Listed records >>
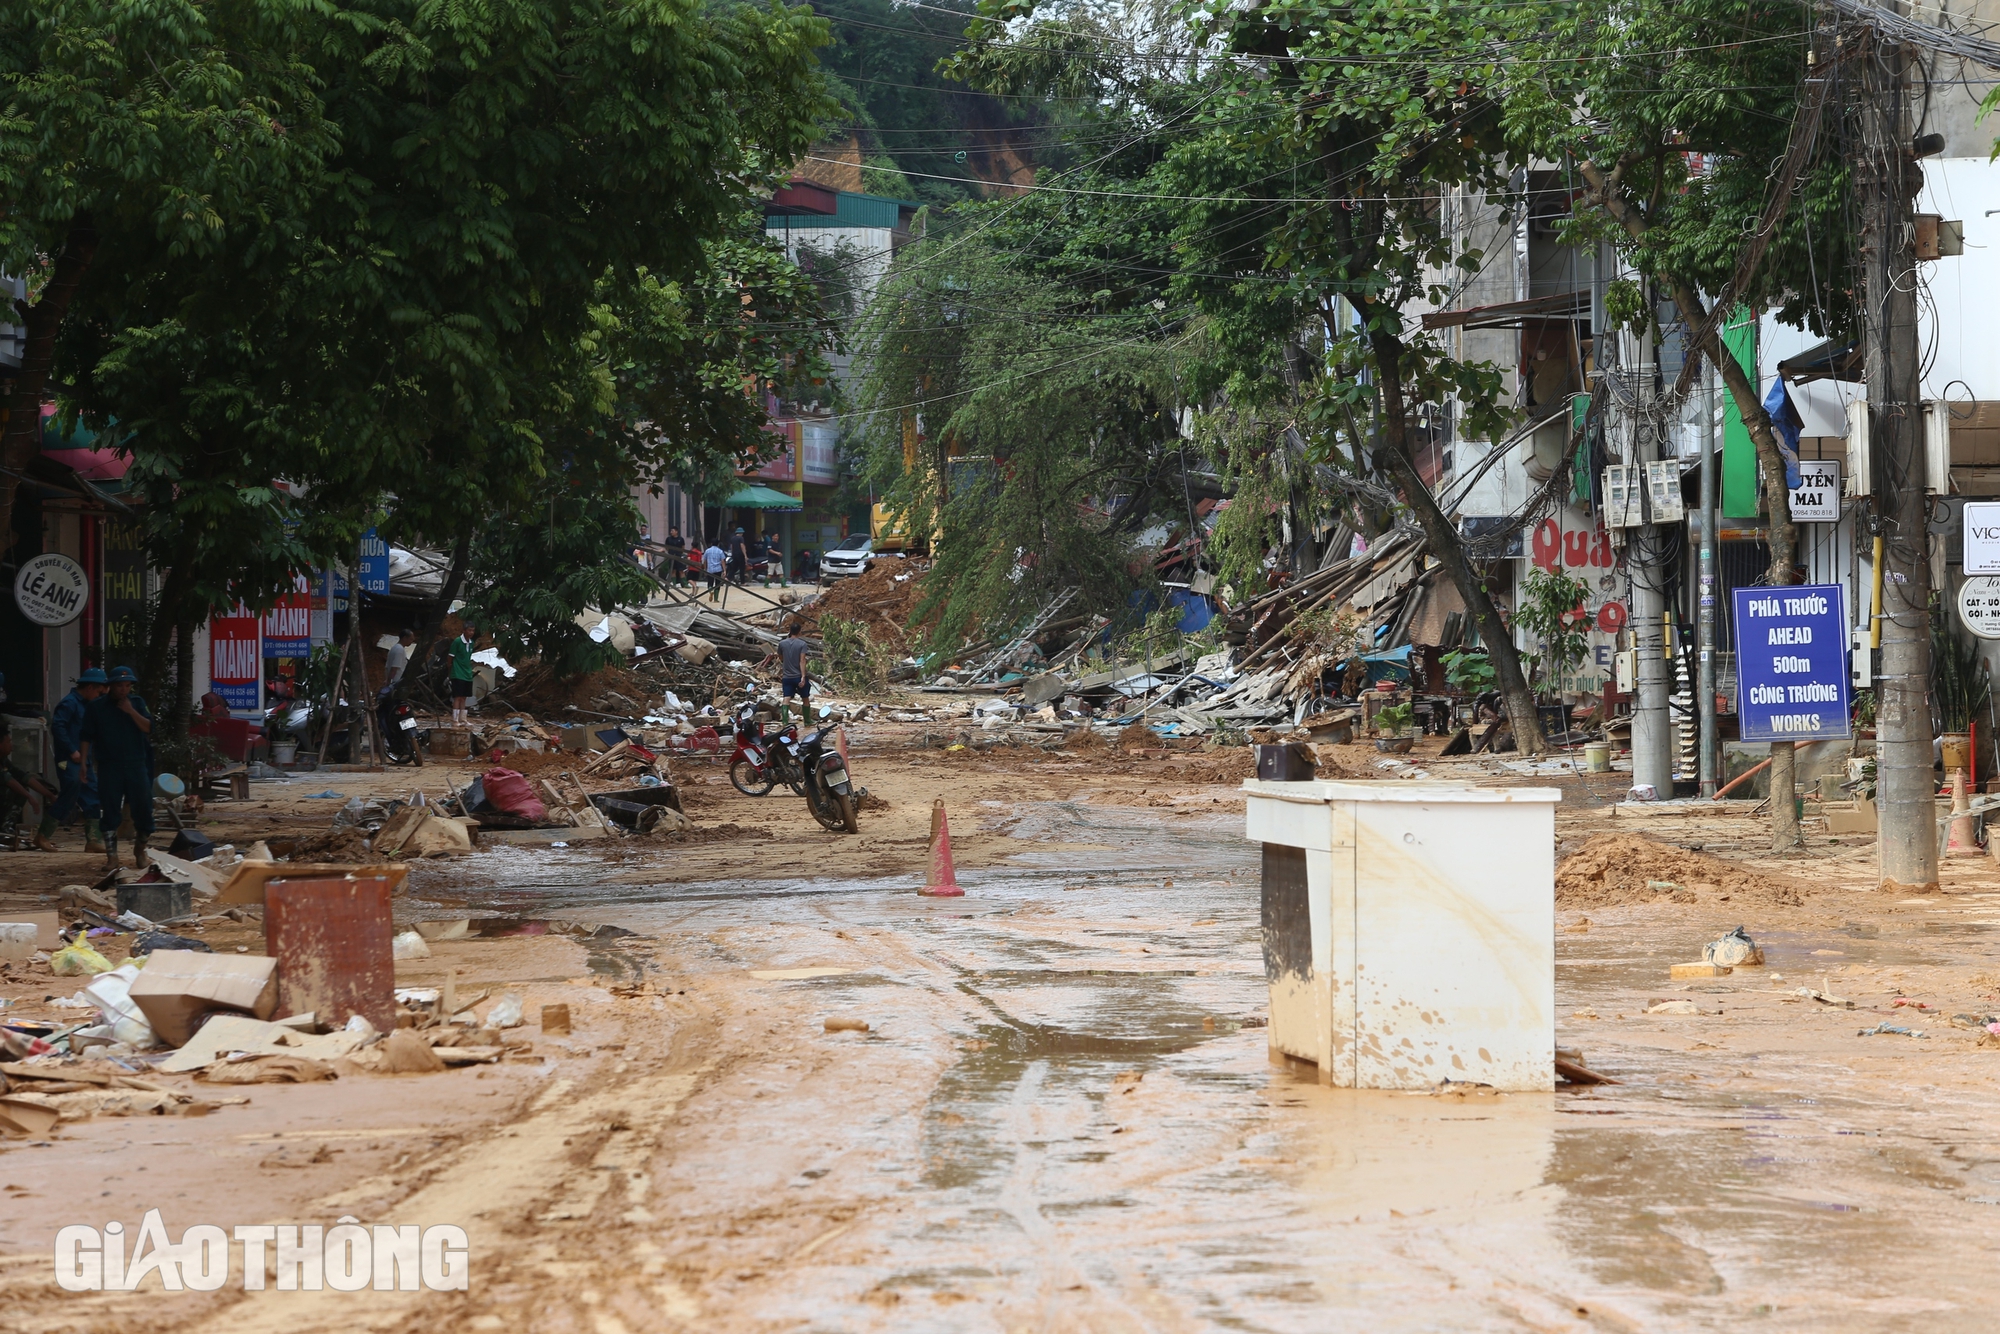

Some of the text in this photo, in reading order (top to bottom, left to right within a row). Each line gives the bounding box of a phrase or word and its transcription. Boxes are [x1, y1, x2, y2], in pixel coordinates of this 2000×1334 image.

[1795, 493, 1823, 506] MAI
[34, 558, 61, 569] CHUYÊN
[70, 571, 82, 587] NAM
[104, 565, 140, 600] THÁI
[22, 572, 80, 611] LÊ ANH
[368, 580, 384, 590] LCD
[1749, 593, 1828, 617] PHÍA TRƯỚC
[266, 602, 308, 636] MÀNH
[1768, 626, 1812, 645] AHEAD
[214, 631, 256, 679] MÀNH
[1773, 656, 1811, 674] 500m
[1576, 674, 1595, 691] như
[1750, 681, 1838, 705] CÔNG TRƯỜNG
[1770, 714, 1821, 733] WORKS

Task details >>
Exact wording is required throughout: write out all the records, but no pictures.

Answer to the problem >>
Some of the text in this photo, in reading order (top to bottom, left to right within a row). Each line gives the bounding box of a phrase or word and its transcription. Boxes are [x1, y1, x2, y2], in pixel coordinates of this 2000×1334 image.

[1795, 493, 1823, 506] MAI
[34, 558, 61, 569] CHUYÊN
[70, 571, 82, 587] NAM
[104, 565, 140, 600] THÁI
[22, 572, 80, 611] LÊ ANH
[368, 580, 384, 590] LCD
[1749, 593, 1828, 617] PHÍA TRƯỚC
[266, 602, 308, 636] MÀNH
[1768, 626, 1812, 645] AHEAD
[214, 631, 256, 679] MÀNH
[1773, 656, 1811, 674] 500m
[1576, 674, 1595, 691] như
[1750, 681, 1838, 705] CÔNG TRƯỜNG
[1770, 714, 1821, 733] WORKS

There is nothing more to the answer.